Por Aristarco G Rivera,
Resumen de la prosa ‘Al hombre por la palabra’ del escritor peruano Ricardo Palma (1833-1919), de su libro “Tradiciones Peruanas”, tercera serie:
Según un voluminoso manuscrito “Duda Legales” que existe en la Biblioteca de Lima, doña Ana de Aguilar, en época del virrey de Esquilache, era una hermosísima viuda, con unos ojos que por matadores merecían ir al presidio, lozana en sus 33 años.
Doña Ana ansiaba salir de su viudez y cambiar recuerdos por realidades; pero, si bien eran muchos mirlos los que la rondaban, ninguno hablaba de casamiento, por lo que ella, celosa de su buen nombre, se mostraba reacia a situaciones ilegales y rechazaba todo amor que no fuera honorable y duradero; ella aspiraba a varón con el cual pudiera vivir tan unida como las dos hojas de un pliego de papel sellado.
Era el día del cumpleaños de la viuda, en él hubo rica mesa y abundante licor, apetecidos por parientes, adoradores y amigos; don Cristóbal Núñez Romero, uno de los galanes, algo achispado por la bebida, dijo en voz alta, y ante la imagen de la Verónica, que ‘juraba y rejuraba que ninguna otra mujer sería la suya, de no serlo doña Ana’.

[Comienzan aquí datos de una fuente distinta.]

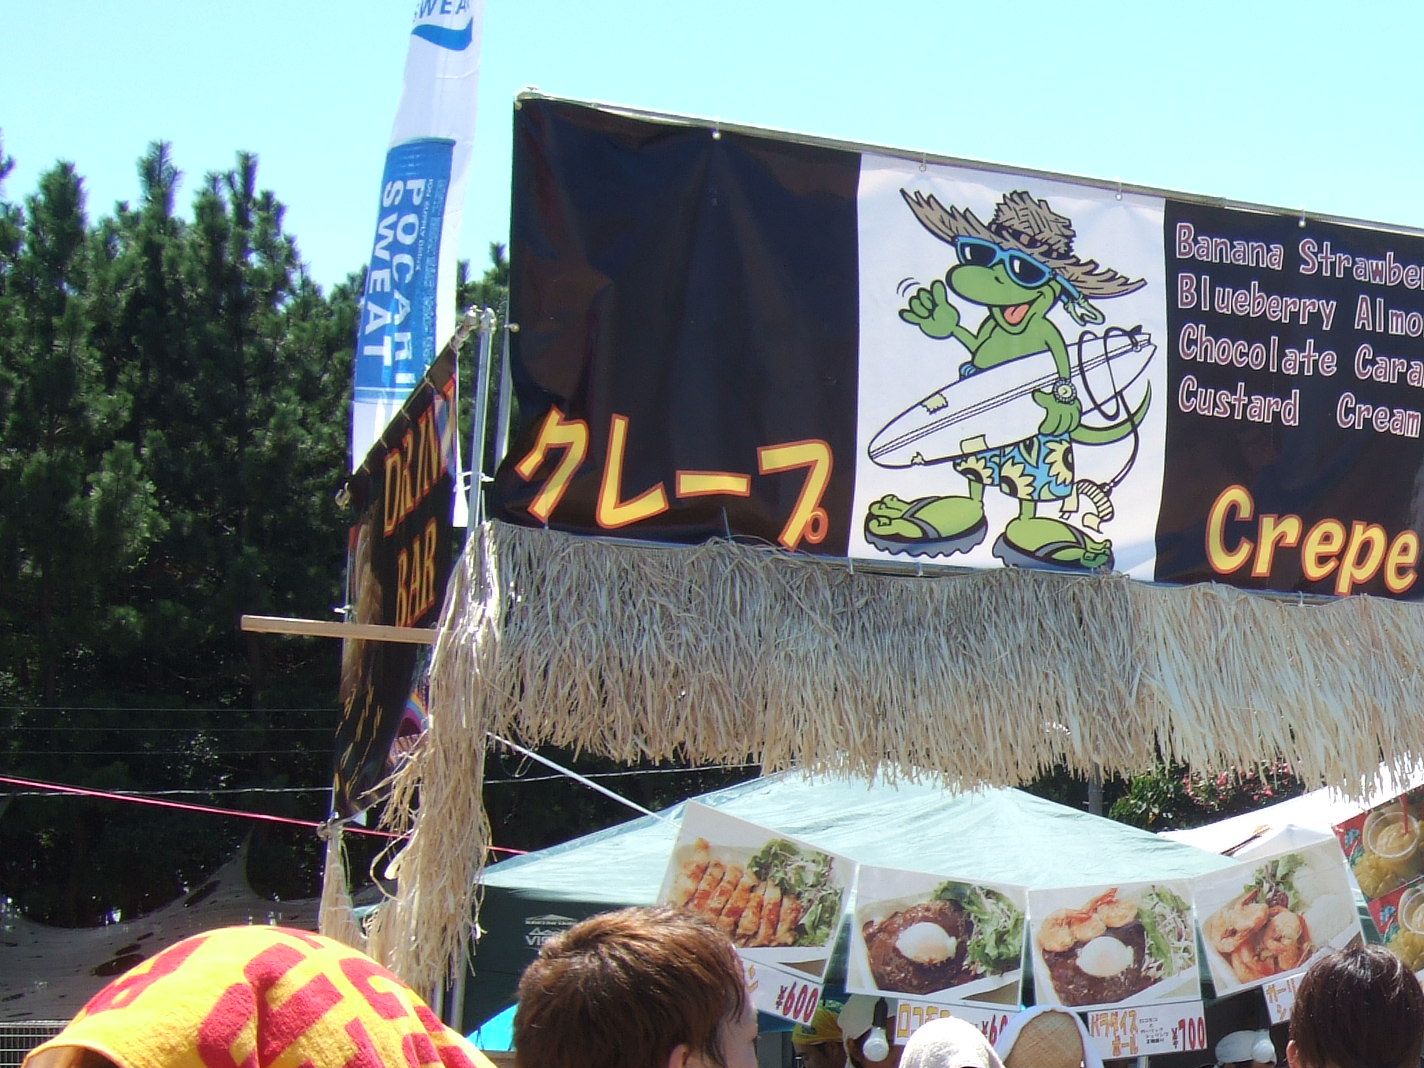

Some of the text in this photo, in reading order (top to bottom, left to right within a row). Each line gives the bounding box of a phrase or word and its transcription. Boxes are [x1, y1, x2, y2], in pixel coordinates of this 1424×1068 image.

Tan a pecho tomó la viuda el juramento, que pareciera que hubiese sido formulado ante el mismo cura, y cuentan las malas lenguas que don Cristóbal fue, desde ese momento, con astucia y consecuencia, el dueño absoluto de aquella plaza inaccesible.
Pasó el tiempo y, como el amante pensara en cualquier cosa antes de llegarse hasta la iglesia, la viuda lo conminó a cumplir la promesa, a lo que don Núñez contestó, poniendo a Dios como demandante, que mantenía lo dicho y que habría de cumplirlo.
Más el tiempo seguía su curso, pero en sentido inverso a la pasión del mancebo y, presintiendo la viuda que aquél pensaba en la promesa de matrimonio como en el suicidio, entabló la correspondiente demanda y pleito, apoyada por testigos intachables, que repitieron textualmente el famoso juramento.
Don Núñez Romero ratificó lo expuesto por la parte contraria, diciendo que, efectivamente, ésas eran sus palabras, pero que en buen castellano ello significaba que habría de casar con doña Ana y no con otra, pero el día que lo creyera conveniente; por lo que la viuda debería ser paciente, pues él se encontraba muy a gusto en su celibato.
El provisor (juez eclesiástico), so pena de excomunión, condenó al tranquilo novio a contraer matrimonio, pues ése era un asunto judicial y no dialéctico. Don Cristóbal apeló la sentencia, entablando ‘recurso de fuerza’ y la Real Audiencia, en un sonadísimo juicio que hizo más ruido en Lima que un temblor, falló a su favor.
Y fue así como doña Ana no se despojó de sus lutos, y don Cristóbal Núñez de Romero que se jactaba de filósofo prematuro y hombre desencantado de la carne y sus peligros, no faltó a su juramento porque no se casó con otra. Murió de una indigestión de soltería.